A call to end racism in Canada’s health care systems

Jane Philpott: We don’t need more studies; we need action. We must seize this moment in history and act to prevent more senseless deaths.

A protest march for Joyce Echaquan in Montreal on Oct. 3, 2020 (CP/Mario Beauregard)

A protest march for Joyce Echaquan in Montreal on Oct. 3, 2020 (CP/Mario Beauregard)

The Hon. Dr. Jane Philpott is a former federal minister of health and minister of Indigenous services. She is dean of the Faculty of Health Sciences, Queen’s University.

I wish I could say with certainty that the death of 37-year-old Joyce Echaquan will be a wake-up call for health systems in Canada. It should be. But history gives us no confidence to make such a claim. Joyce Echaquan is not the first person to die as a direct or indirect result of racism in Canadian health care systems. Tragically she won’t be the last. But her death comes at a point in our history where Canadians may be more attuned to the dangers of systemic racism than we were, for example, when 45-year-old Brian Sinclair died in a Winnipeg hospital in 2008.

We must seize this moment in history and act to prevent more senseless deaths. There is no better place to start than with changing the way we train health professionals. A 2019 international consensus statement on Indigenous health equity notes that “Medical education institutions must acknowledge their historical and contemporary role in the colonial project and engage in an institutional decolonization process.”
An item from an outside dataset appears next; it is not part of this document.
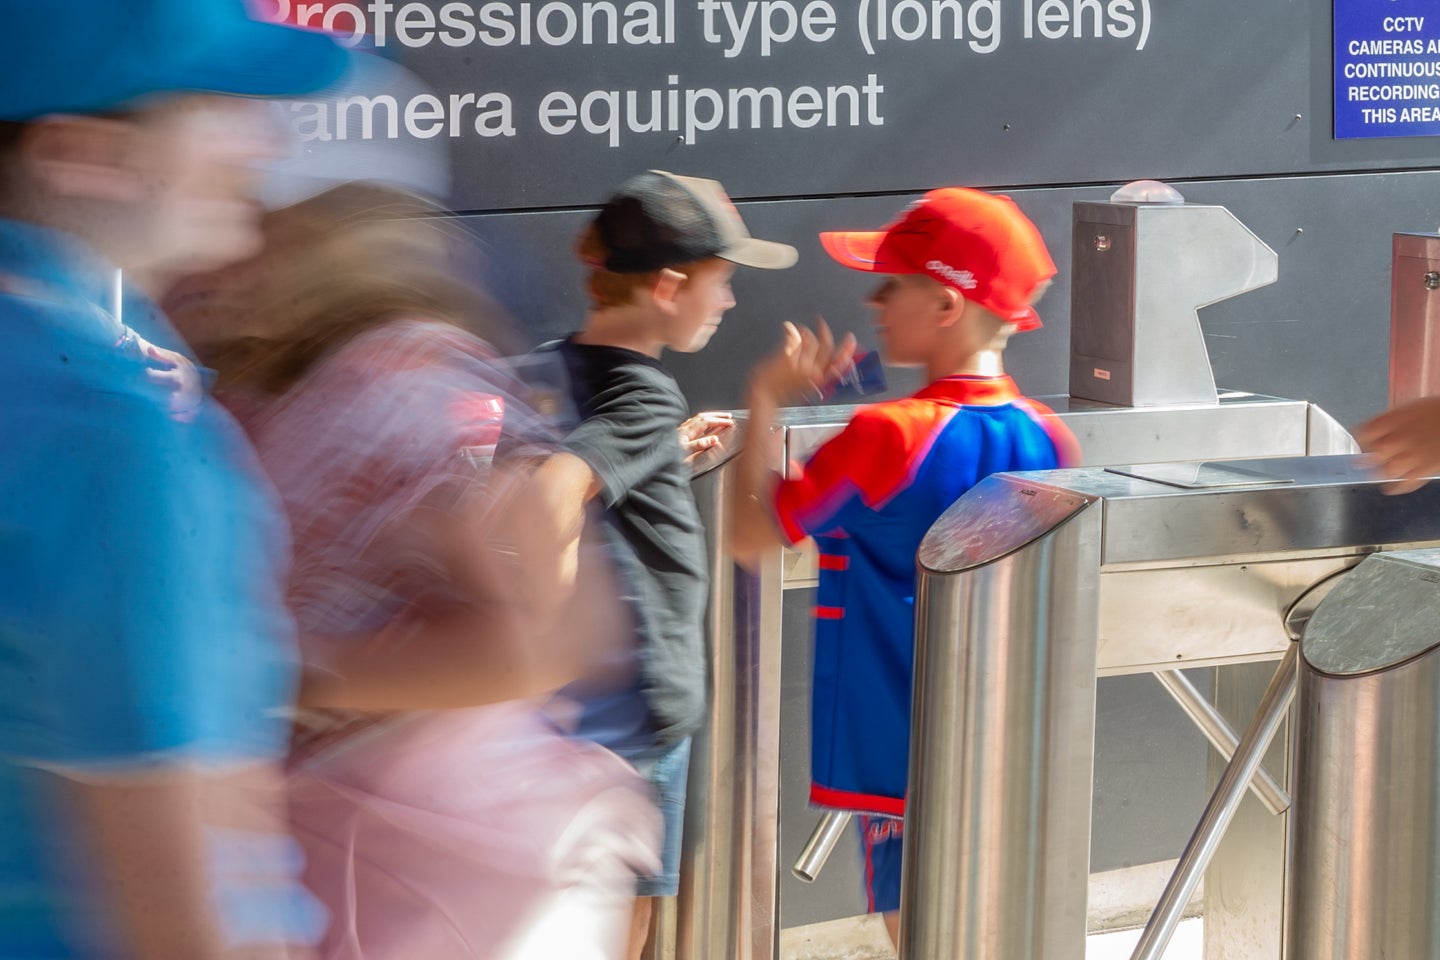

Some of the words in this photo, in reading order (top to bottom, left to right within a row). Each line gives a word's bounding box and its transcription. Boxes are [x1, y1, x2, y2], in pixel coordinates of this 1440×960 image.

Here at Queen’s University, our principal, Patrick Deane, has not shied away from declaring that racism and other forms of oppression, including colonialism, “deeply affect our institution, as they do the systems and formations of our society at large.” Such a categorical admission of institutional racism from the leader of a prominent post-secondary institution is not something we heard a decade ago. The open admission that an organization like ours is plagued with structural injustices, which permit some to be privileged and others to be harmed, is an essential step on our journey to changing those deep-rooted patterns of injustice. That kind of openness leads me to think that we are at a point in time when we can more effectively take on racism and colonialism in health care; in hopes that Joyce Echaquan’s death will not be in vain.

There is no single intervention that leads to the reduction or the elimination of racism and colonialism in health systems or in the training of health professionals. We need comprehensive and collaborative cultural transformation. We don’t need more studies; we need action on a suite of reforms. Steps have been laid out in multiple reports including the Calls to Action of the Truth and Reconciliation Commission and the Calls for Justice from the Inquiry on Missing and Murdered Indigenous Women and Girls. The Association of Medical Faculties of Canada tabled its own commitment last year entitled a Joint Commitment to Action on Indigenous Health.

As dean of the Faculty of Health Sciences at Queen’s, I’m determined to work with my colleagues to breathe life into those reports. We have hired new staff including an elder-in-residence to provide ceremonial and cultural supports. Last week we opened an Office of Equity, Diversity, and Inclusion and we now have over 150 volunteers from students, staff, and faculty participating in a Dean’s Action Table on Equity, Diversity, and Inclusion.

We have an obligation to expand the Indigenous health workforce by increasing the number of First Nations, Inuit and Métis students in medicine, nursing and rehabilitation therapy. Indigenous Peoples must see themselves reflected in the health professionals who treat them. We must continue to identify structural biases in our admissions processes and make amendments, accordingly, including diversifying the membership of admissions committees and introducing cultural safety training for their members.

We’ve already changed the focus of the Queen’s Accelerated Route to Medical School to enable 10 students who identify as Indigenous or Black to begin a pathway to medical education that addresses some of the well-known systemic barriers to access. We know this means we’ll need a broad community of support for growing numbers of Indigenous and Black students on campus and in our health professions programs, but we’ve already taken steps to enable that, by hiring mentors such as Wendy Phillips, elder-in-residence and former MP Celina Caesar-Chavannes, senior advisor on equity, diversity and inclusion.

Just as important as the diversity of our student body is what we teach our students. Our curricula must include Indigenous perspectives of history and culture. It should include concepts of power, privilege and conflict resolution. This work is underway. We have professional development courses in cultural safety, anti-racism and anti-oppression. We have started to diversify our workforce, recognizing the importance of having staff and faculty from under-represented groups in leadership positions and on decision-making bodies.

We also need tools to help us identify personal, institutional and systemic forms of racism. As we use these tools, there will be an obligation to act on what we learn, with cycles of self-reflection and informed action. Increasingly, we must learn safe and effective ways to speak up when we recognize bias, harassment, and micro-aggressions.

Speaking up is the minimum response. Our collective goal is to change the entrenched patterns of injustice in our health systems. In some cases, it’s a matter of life or death.